Last time I checked Farnborough was in Hampshire not Surrey so how is it Farnborough built but designed and manufactured in Surrey?
The Ministry of Defence has bought a third solar-powered Zephyr-S surveillance drone for £4.3m, and says it “performs more like a satellite than a conventional UAV”. With its 25 metre wingspan covered in solar panel cells, this latest Zephyr-S is the third unmanned aerial vehicle (UAV) to be delivered as part of the MoD's £13m …
My guess is transporting a fully built plane with a 25m wingspan is hard. Far easier to design and manufacture the components in Surrey and then do the final build (bolting it together) in a hanger at Farnborough airport. That or some parts are designed and manufactured in Surrey others are manufactured in Farnborough, or perhaps just sloppy journalism, take your pick.
Very different flying over Arizona in summer and Scotland in winter. Storing enough power during a long day to get through a short night may not be difficult but when the numbers reverse impossible.
So it could end up flying continuously through June but not lasting a single day/night in December.
It won't even fly one day if it can't gather enough surplus energy during daylight hours to keep it aloft after dark.
The can't be allowed to descend from the high altitude otherwise they're hazardous to everything else in the airspace.
Once you have a week in the air over Arizona there's no reason you can't fly for "12 months" (unless that 45 days happens to be centred on Jun 22 - in which case you might find it can't stay aloft in December.)

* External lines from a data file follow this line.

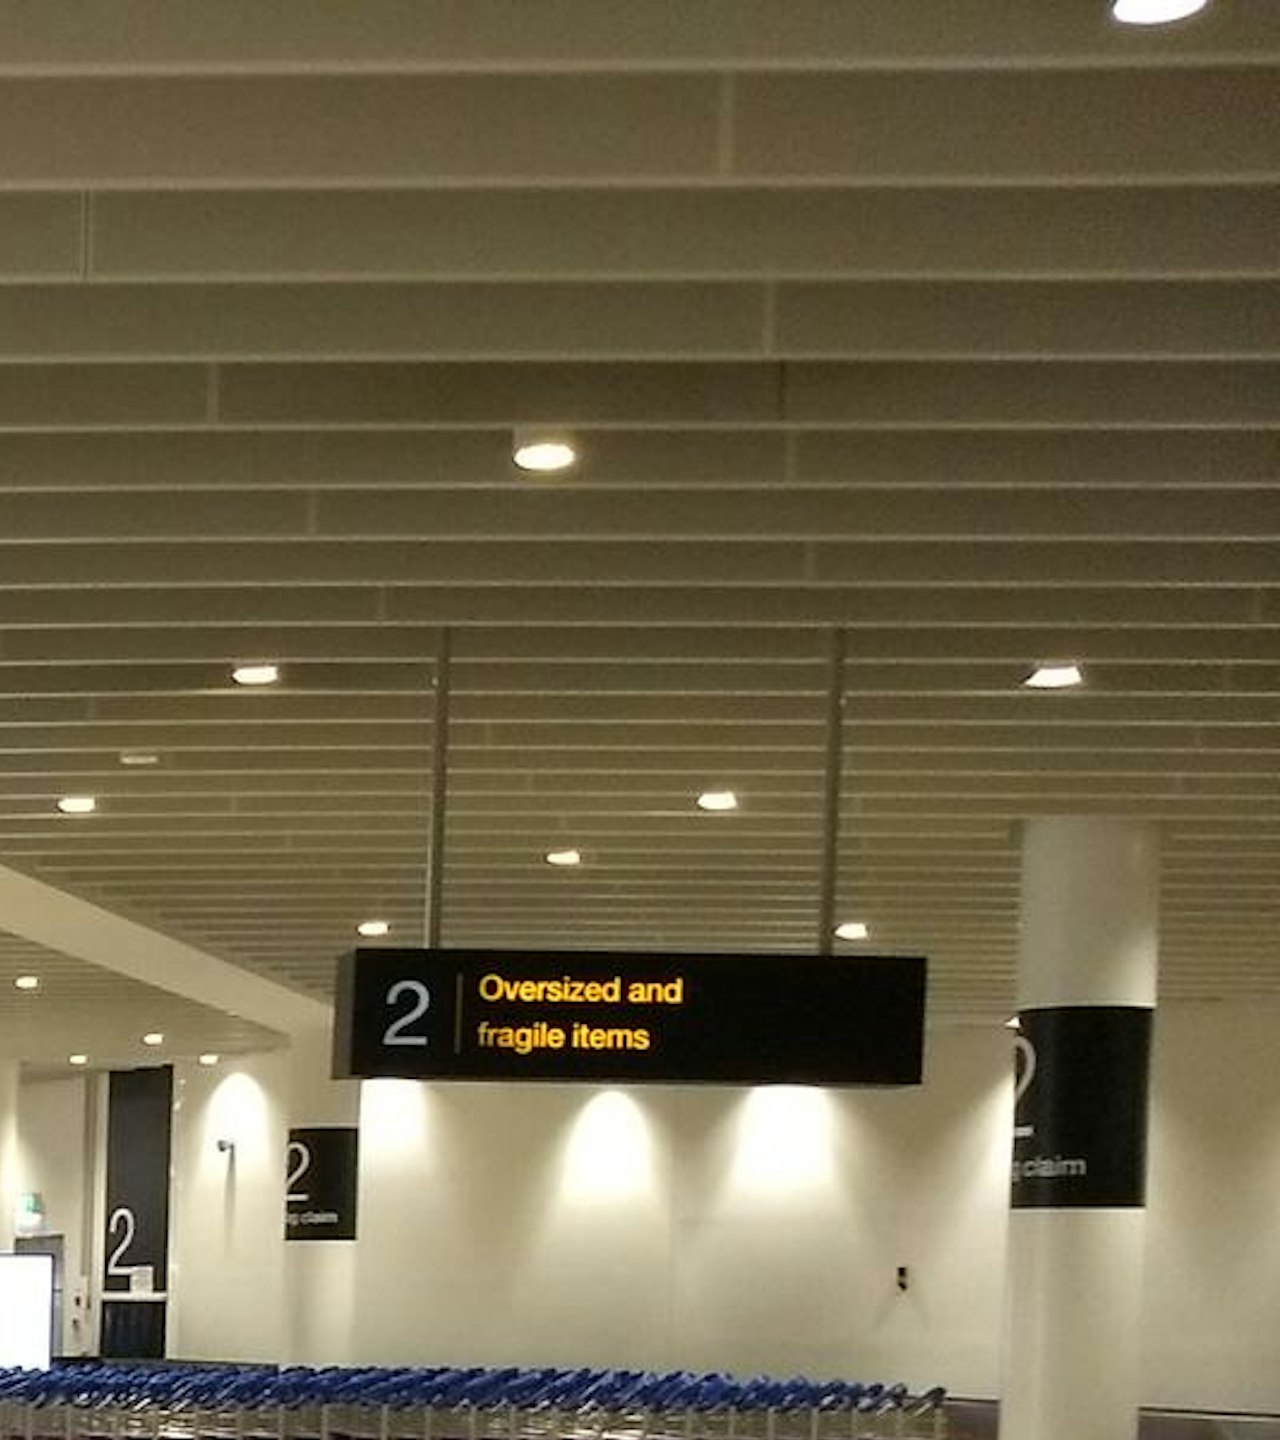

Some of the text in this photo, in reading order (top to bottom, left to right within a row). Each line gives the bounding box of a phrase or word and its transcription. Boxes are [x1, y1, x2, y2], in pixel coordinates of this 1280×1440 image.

[478, 976, 684, 1003] Oversized and
[383, 980, 430, 1046] 2
[478, 1022, 650, 1054] fragile items
[1023, 1155, 1087, 1177] claim
[107, 1208, 138, 1276] 2
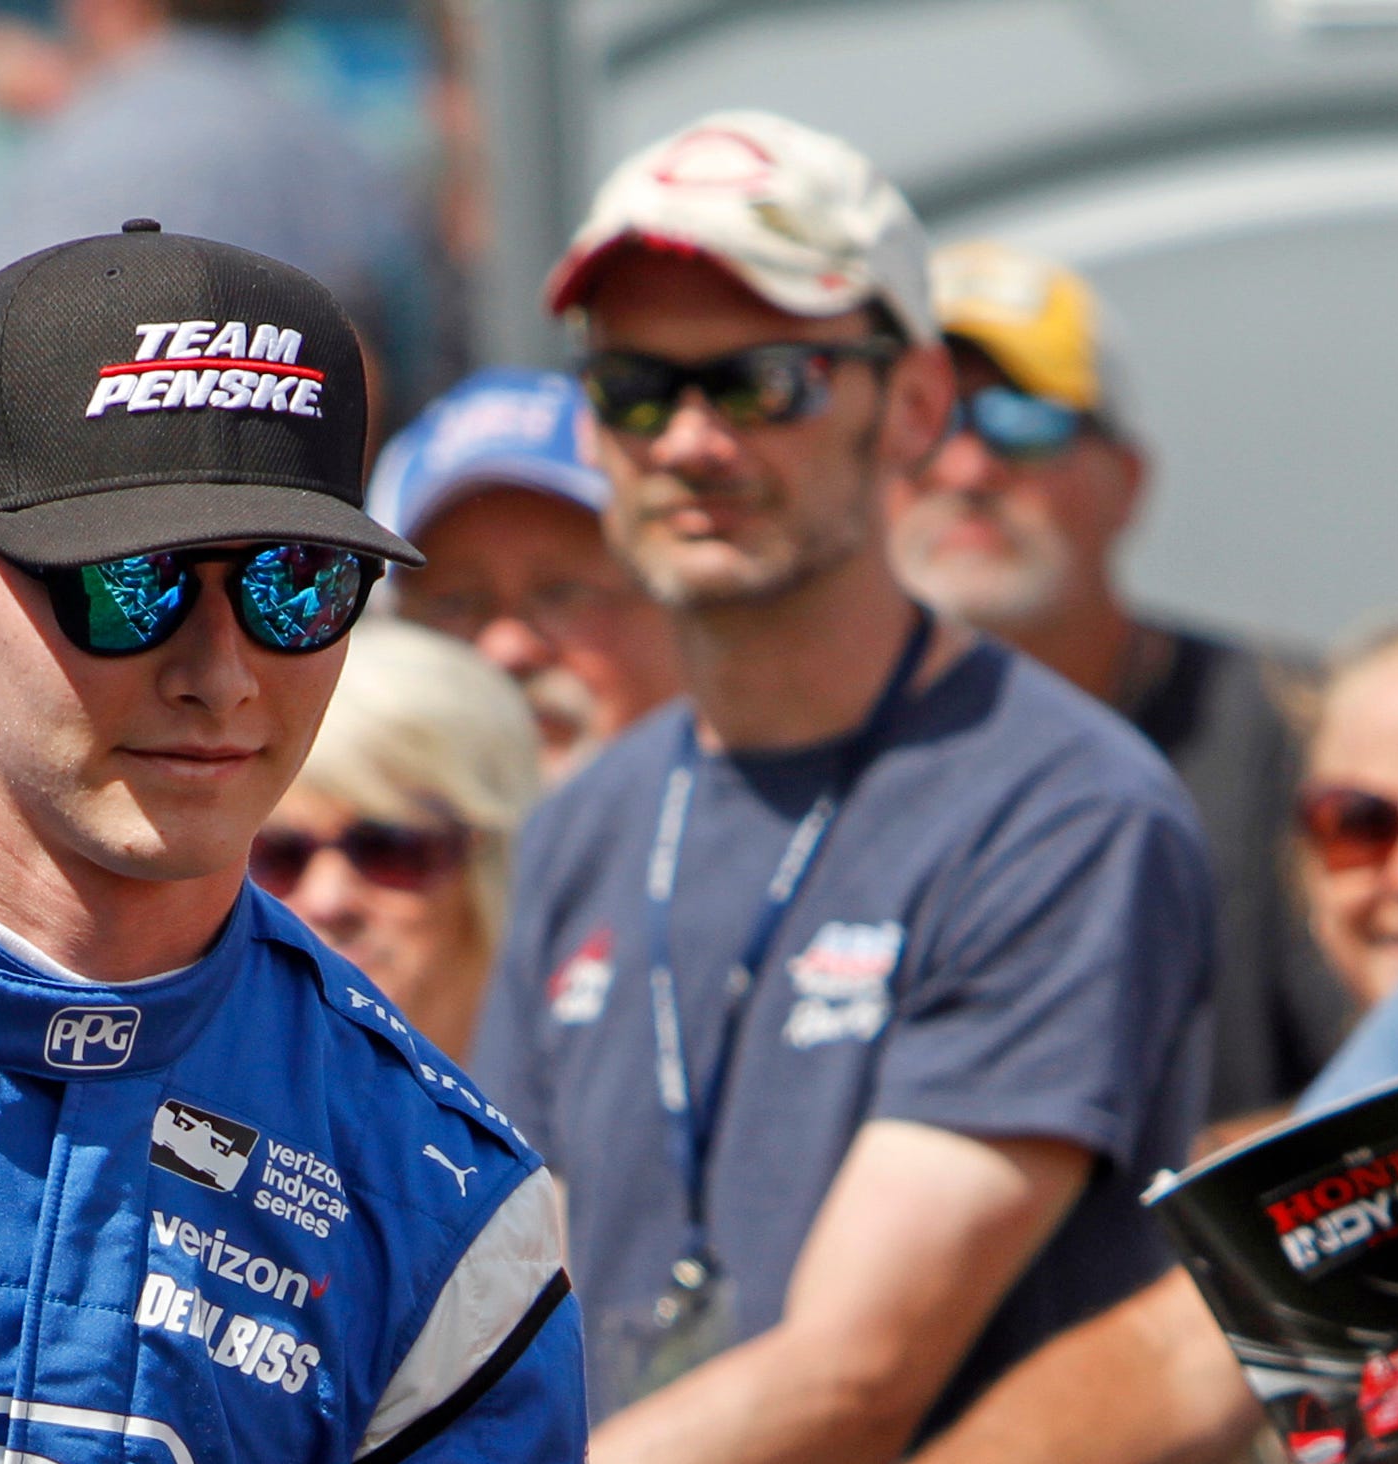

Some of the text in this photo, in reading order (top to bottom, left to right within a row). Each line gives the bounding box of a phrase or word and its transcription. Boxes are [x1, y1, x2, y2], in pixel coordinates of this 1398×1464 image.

[135, 320, 302, 365] TEAM
[51, 1014, 133, 1061] PPG
[346, 986, 530, 1149] Firstone
[253, 1188, 331, 1239] series
[261, 1161, 351, 1222] indycar
[152, 1211, 310, 1309] verizon
[1278, 1190, 1395, 1272] INDY

This drone is for airliners to report their positions. We need to deploy maybe millions of this drone to receive pings from all for airliners. Remember the MH370 missing boeing jet? It only pinged 2 satellites every hour, and when it went missing, the search area was narrowed to, like, 3 million square miles. If we had millions of this spy planes all over the world, we would have pin point the plane.

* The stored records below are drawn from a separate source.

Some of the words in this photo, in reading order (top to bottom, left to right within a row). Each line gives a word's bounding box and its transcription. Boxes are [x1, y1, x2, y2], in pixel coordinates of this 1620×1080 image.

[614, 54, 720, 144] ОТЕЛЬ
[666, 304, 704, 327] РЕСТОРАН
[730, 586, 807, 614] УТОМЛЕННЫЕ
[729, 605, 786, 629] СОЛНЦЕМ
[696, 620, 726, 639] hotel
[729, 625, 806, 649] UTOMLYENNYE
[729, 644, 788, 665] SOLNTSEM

The original prototype (built prior to Airbus aquiring the Zephyr business) flew continuously for two weeks without landing, and as I understand things, it didn't need to land when it did, it was just that the agreed trial period had finished. 45 days isn't a stretch for an improved design.
I have no doubt that it can: 1) fly at 70,000ft; 2) fly for 45days; 3) carry a 5kg payload, but I bet it'll turn out that it can't do all three at the same time. I even have doubts that it will be able manage any two at the same time.

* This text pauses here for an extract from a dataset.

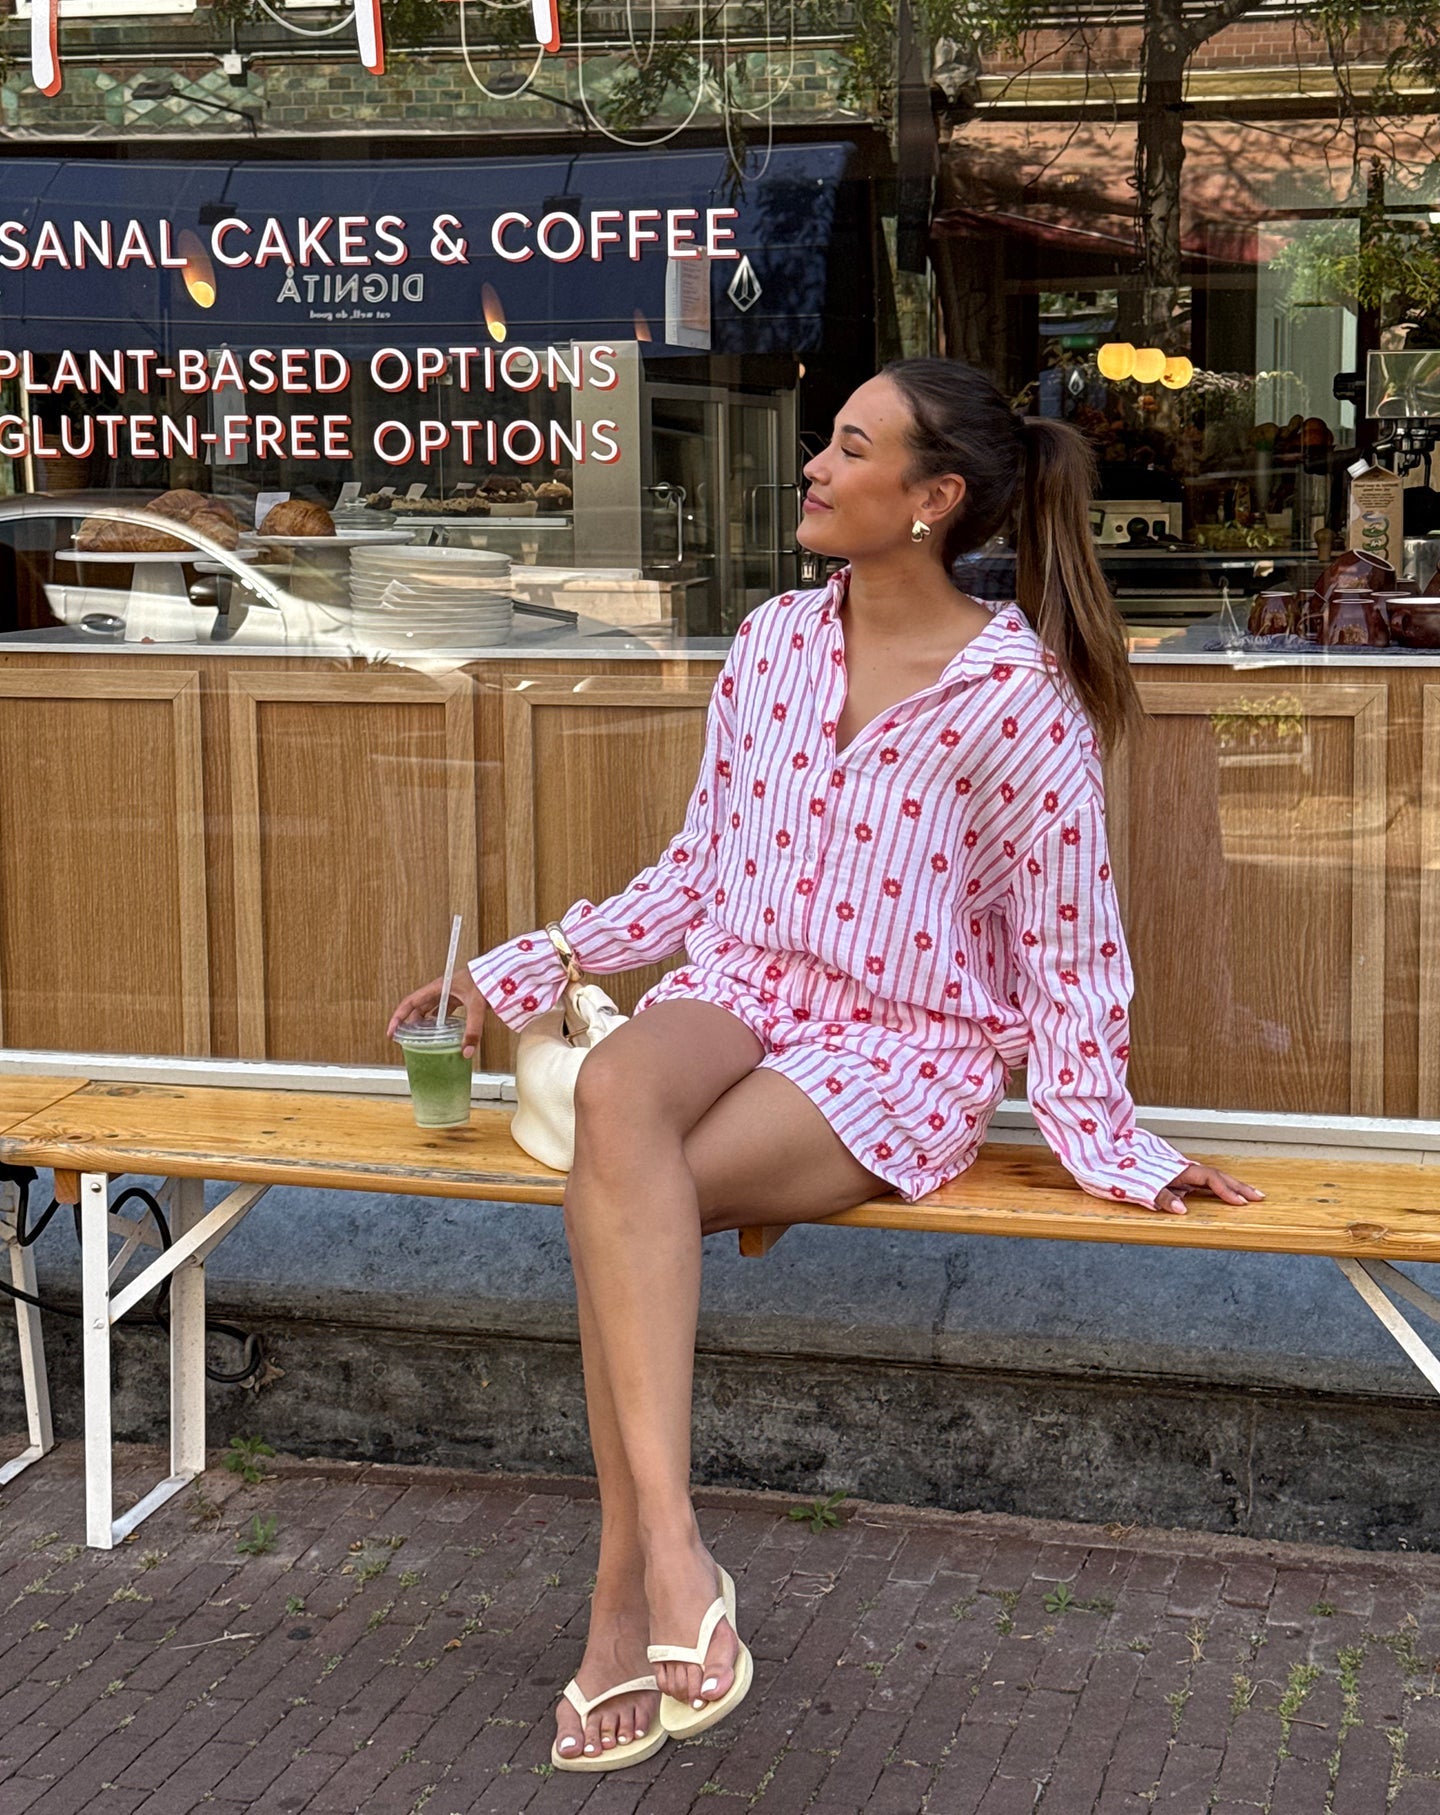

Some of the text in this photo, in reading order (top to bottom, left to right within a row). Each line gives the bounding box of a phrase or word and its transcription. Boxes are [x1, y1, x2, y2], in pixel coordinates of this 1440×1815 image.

[0, 208, 740, 270] SANAL CAKES & COFFEE
[370, 346, 620, 392] OPTIONS
[0, 414, 622, 466] GLUTEN-FREE OPTIONS

(This is not based on any deep knowledge of aero-tech, just my experience of UK military projects.)
In addition... setting aside for now the planned replacement of TETRA with 4G I cannot see any useful purpose being servied by fitting this thing with TETRA equipment. To what possible end? Even flying at 35,000 feet would be pushing it for communicating with small portable terminals with 1 Watt maximum power and helical aerials; even vehicle installations are limited to 1 Watt as well. And TETRA systems tend communicate "sideways" not up and down and that would reduce the effectiveness as well. At 70,000 feet the range would be simply too great.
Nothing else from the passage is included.